■ **Task description**
Repeat every record exactly as written, but leave out the pictures.

Data section Block Start

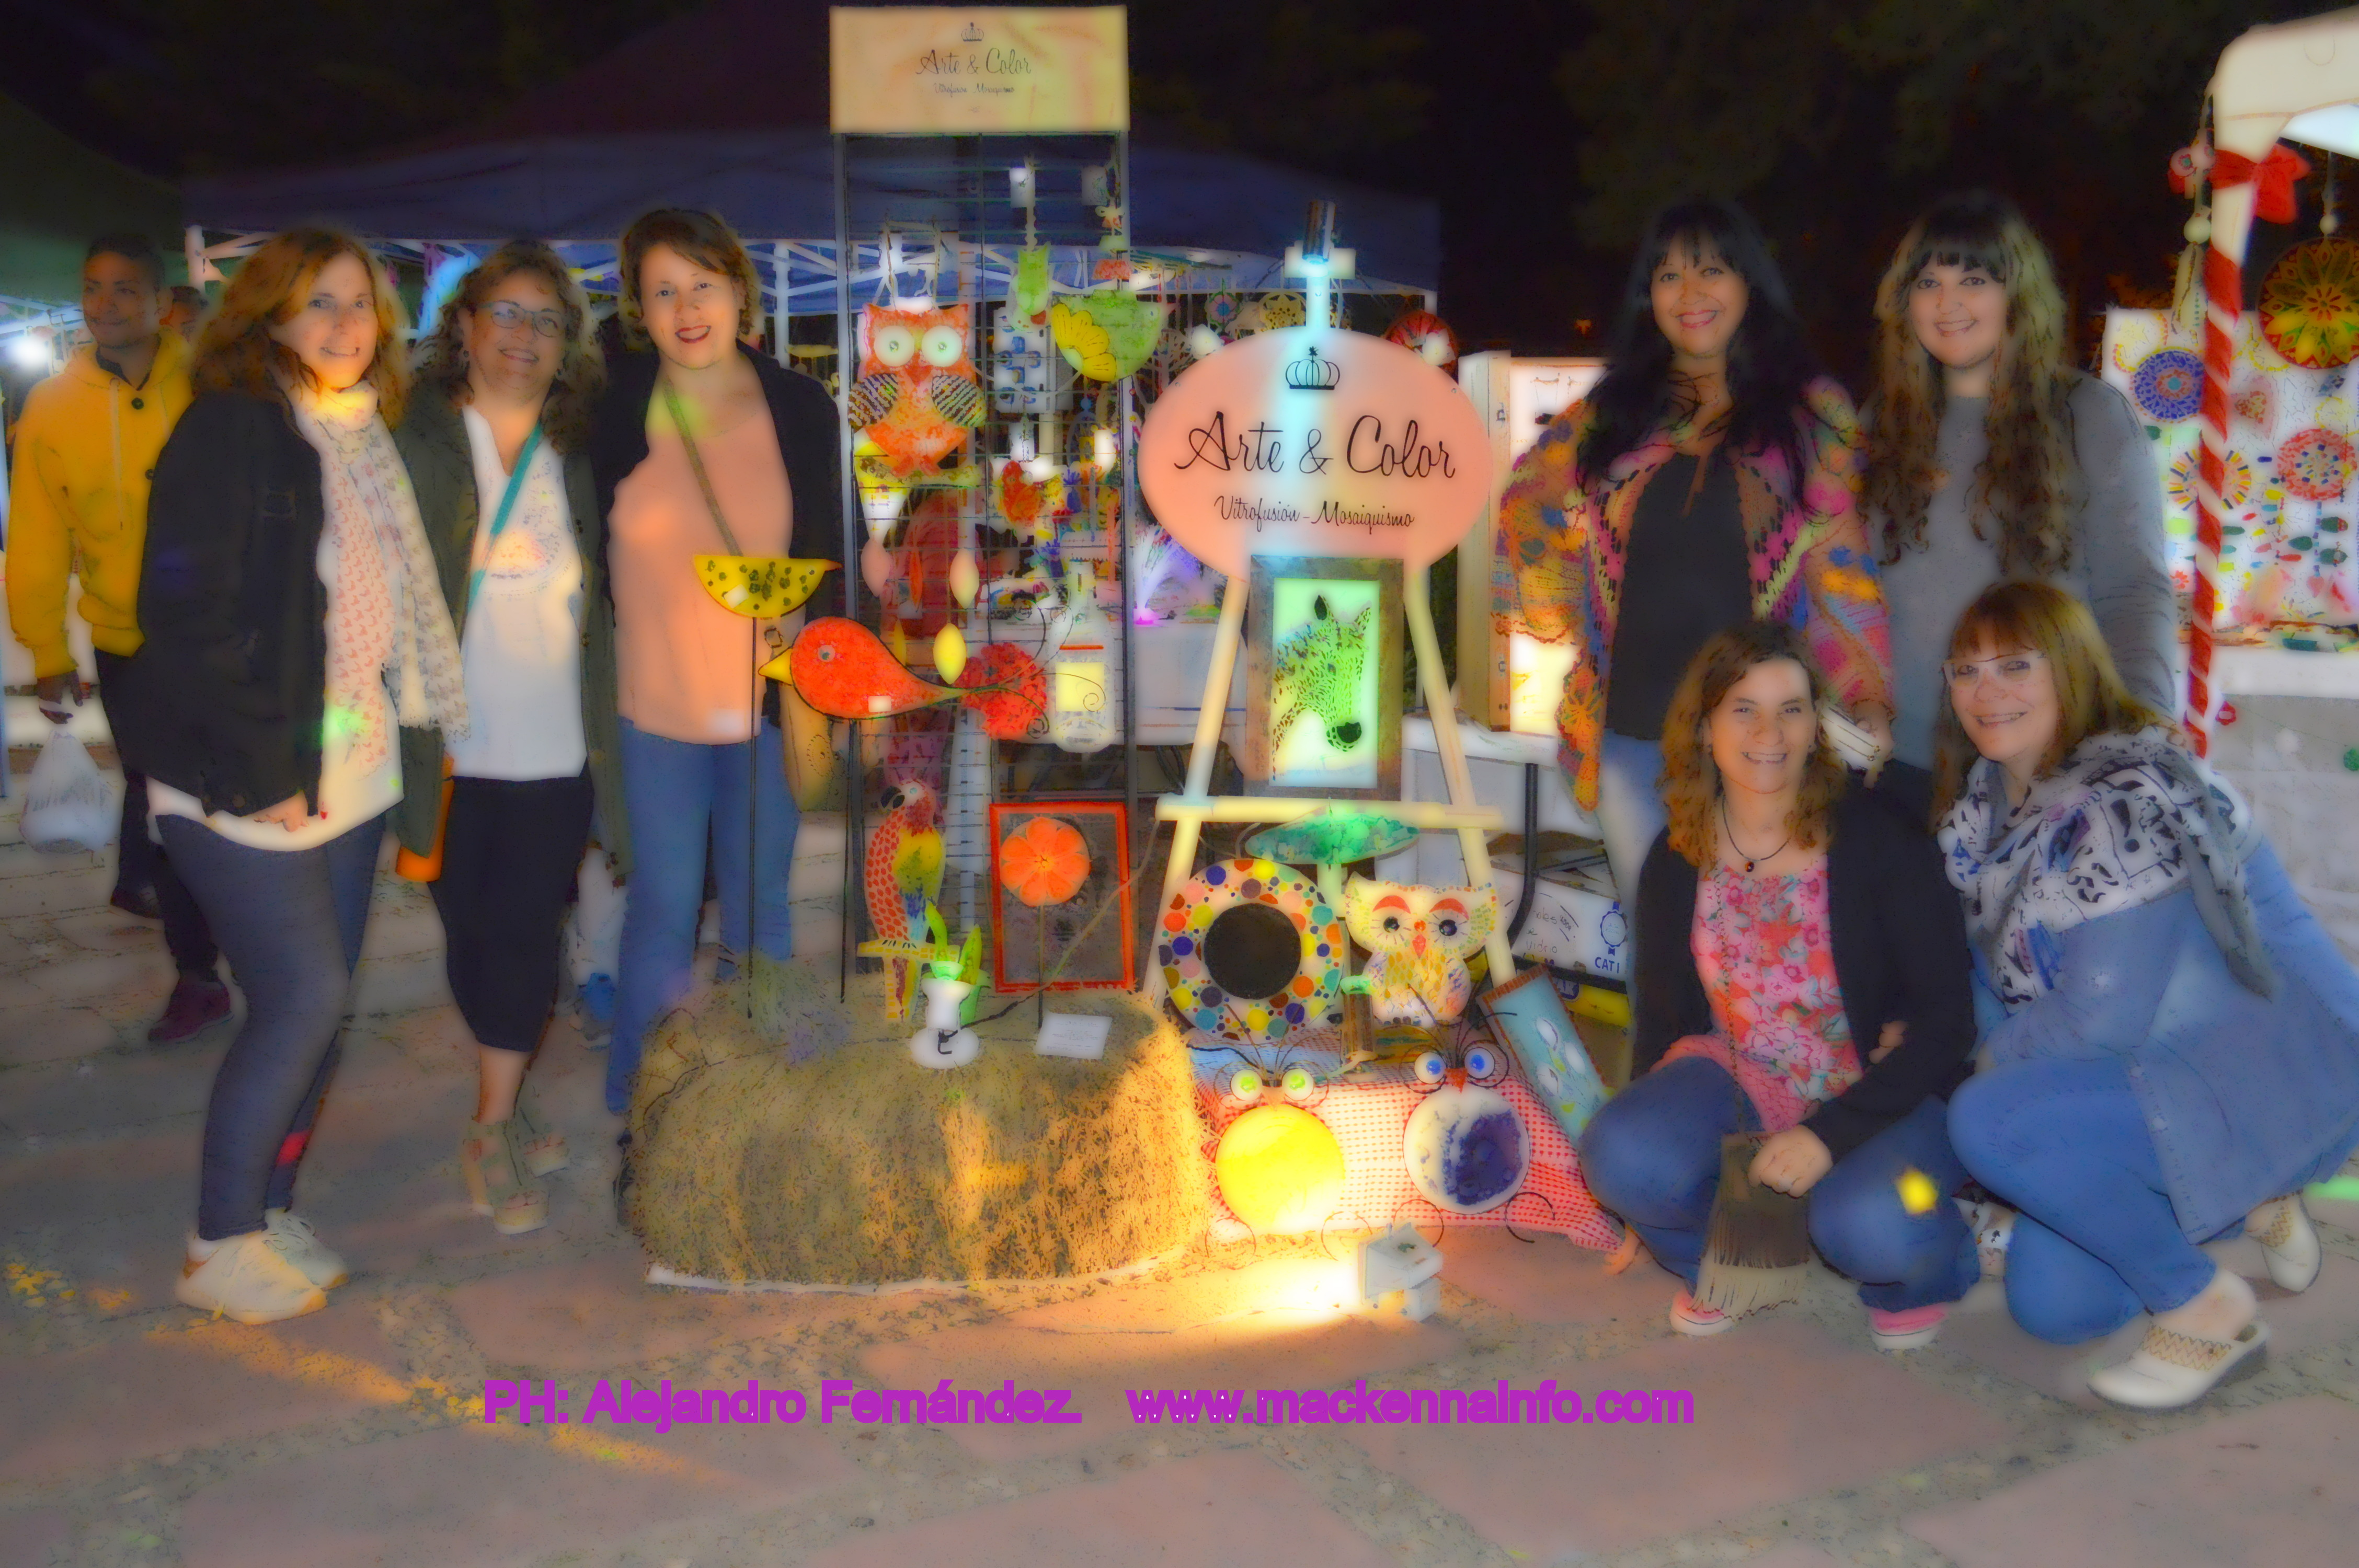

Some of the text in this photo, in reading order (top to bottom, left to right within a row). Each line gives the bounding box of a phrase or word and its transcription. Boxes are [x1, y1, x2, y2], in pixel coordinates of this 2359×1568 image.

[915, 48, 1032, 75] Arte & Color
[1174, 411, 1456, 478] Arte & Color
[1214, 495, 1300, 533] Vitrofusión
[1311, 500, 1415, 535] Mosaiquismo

Data section Block End

■ **Expected answer**
Some of the text in this photo, in reading order (top to bottom, left to right within a row). Each line gives the bounding box of a phrase or word and its transcription. Boxes are [x1, y1, x2, y2], in pixel coordinates of this 2359×1568 image.

[915, 48, 1032, 75] Arte & Color
[1174, 411, 1456, 478] Arte & Color
[1214, 495, 1300, 533] Vitrofusión
[1311, 500, 1415, 535] Mosaiquismo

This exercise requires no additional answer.